Teknoloji iş gücündeki kadınların yüzdesi, son beş yılda marjinal bir artış göstererek %22 civarında kalıyor ve son dönemdeki Lovelace’ın raporu Her yıl 40.000 ile 60.000 arasında kadının, ister başka teknoloji rolleri için ister teknolojiden tamamen ayrılmak için dijital rollerden ayrıldığı görüldü.
Kadınlar teknolojide rol üstlenip masaya oturma konusunda ilham aldığında sektör daha temsili kararlar alabilir, herkese hizmet eden ürünler geliştirebilir ve ekonomimizin ihtiyaç duyduğu inovasyon ve büyümenin önünü açabilir.

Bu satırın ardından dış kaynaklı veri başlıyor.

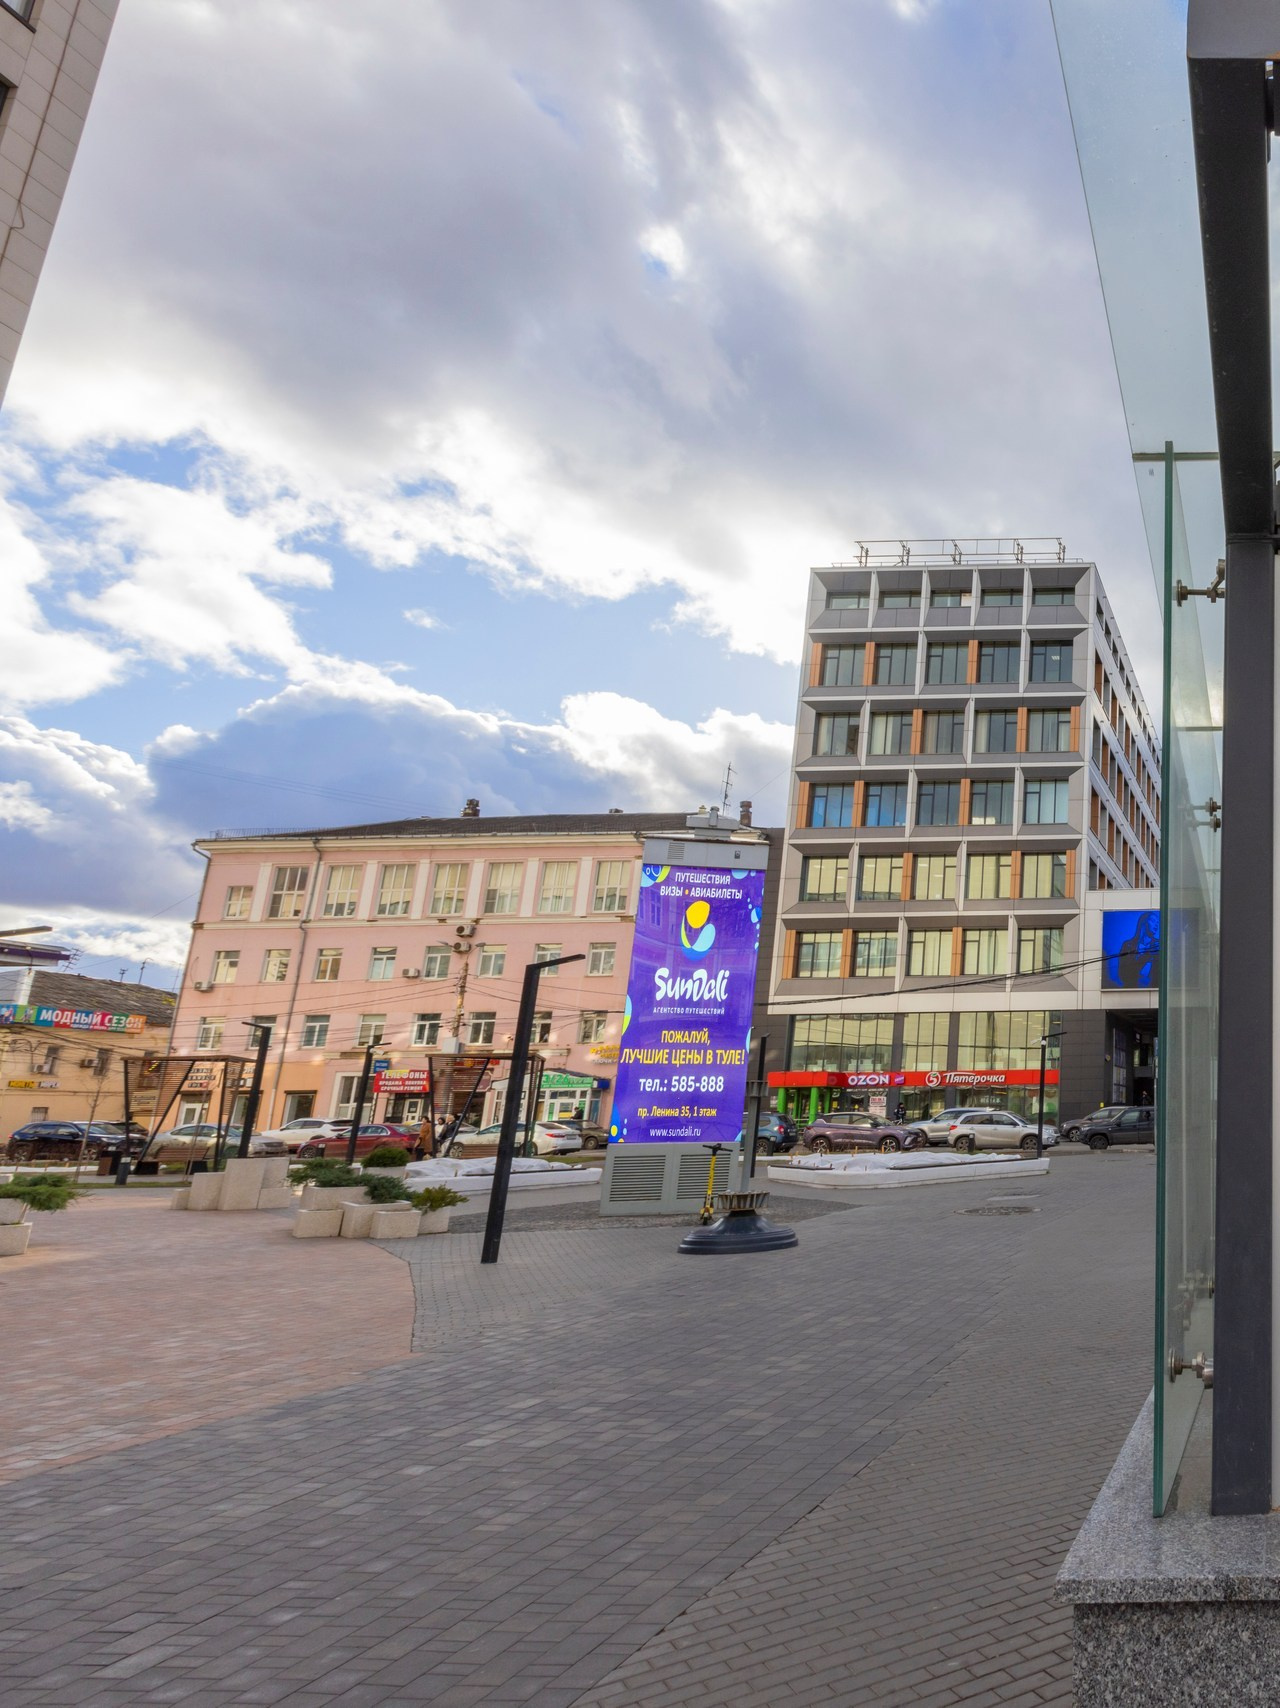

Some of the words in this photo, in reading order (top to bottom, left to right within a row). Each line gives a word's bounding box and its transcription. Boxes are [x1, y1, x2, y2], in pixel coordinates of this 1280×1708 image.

Liz Kendall, Bilim, Yenilik ve Teknoloji Departmanı
Bunun pek çok nedeni var; bunlardan biri, mevcut rollerinde kariyerlerini ilerletme fırsatının olmaması. Diğer kuruluşlar tarafından yapılan araştırmalar, işyerinde esneklik eksikliğinin ve önyargının da kadınların sektöre katılmasını engellemede veya BT’den ayrılma kararlarına katkıda bulunmada rol oynadığını ortaya çıkardı.
Sorunlar, genellikle teknoloji konularına devam etmemeyi seçen okul çağındaki kızlara kadar uzanıyor. Bunun bir nedeni, teknik bir rol için gereken becerilere ilişkin yanlış kanıların, genç kadınların sektörün kendilerine göre olmadığını düşünmelerine yol açmasıdır.
Stemettes’in kurucusu ve CEO’su Anne-Marie Imafidon’un başkanlığını yaptığı çalışma grubunun kurucu üyeleri arasında şunlar yer alıyor:
Liz Kendall, Bilim, Yenilik ve Teknolojiden Sorumlu Devlet Bakanı.
Stemettes’in kurucusu Anne-Marie Imafidon; Teknoloji Elçisi’ndeki kadınlar.
Allison Kirkby, BT Grubunun CEO’su.
Anna Brailsford, Code First Girls’ün CEO’su ve kurucu ortağı.
Hayatun Sillem, Kraliyet Mühendislik Akademisi CEO’su.
Kate Bell, TUC genel sekreter yardımcısı.
Amelia Miller, Ivee’nin kurucu ortağı ve CEO’su.
Ismini Vasileiou, Direktör, East Midlands Siber Güvenlik Grubu.
Emma O’Dwyer, Uber’in kamu politikası direktörü.
Bu uzmanlar, hükümete, kadınların eğitim, öğretim ve kariyer ilerlemesi alanlarında teknoloji sektörüne katılmasını veya bu sektörde kalmasını engelleyen engelleri “tanımlamasına ve ortadan kaldırmasına” yardımcı olacak.
Ayrıca Birleşik Krallık’ın teknoloji ekosistemindeki çeşitliliğin nasıl destekleneceği ve artırılacağı konusunda tavsiyelerde bulunacak ve teknoloji alanında zaten eşit cinsiyet ayrımına sahip kuruluşların başarısının aynısını yapacaklar.
Geçmişte iş birliği, teknolojide çeşitlilik söz konusu olduğunda sürdürülebilir değişimin geliştirilebilmesinin tek yolu olarak yoğun bir şekilde belirlenmişti; görev gücü hükümete politika konusunda tavsiyelerde bulunurken aynı zamanda hükümet, teknoloji endüstrisi ve eğitim sağlayıcılarının teknoloji sektöründeki kadın sayısını artırmayı ve korumayı kolaylaştırmak için nasıl birlikte çalışabilecekleri konusunda da danışmanlık yapıyor.
Görev gücü, yakın zamanda başlatılan TechFirst beceri programı ve Regional Tech Booster programı gibi kadınları ve gençleri teknoloji kariyerine teşvik etmeyi amaçlayan diğer hükümet girişimleriyle birlikte çalışacak.
Teknolojide Kadınlar Çalışma Grubu’nun ilk toplantısı 15 Aralık 2025’te gerçekleşti.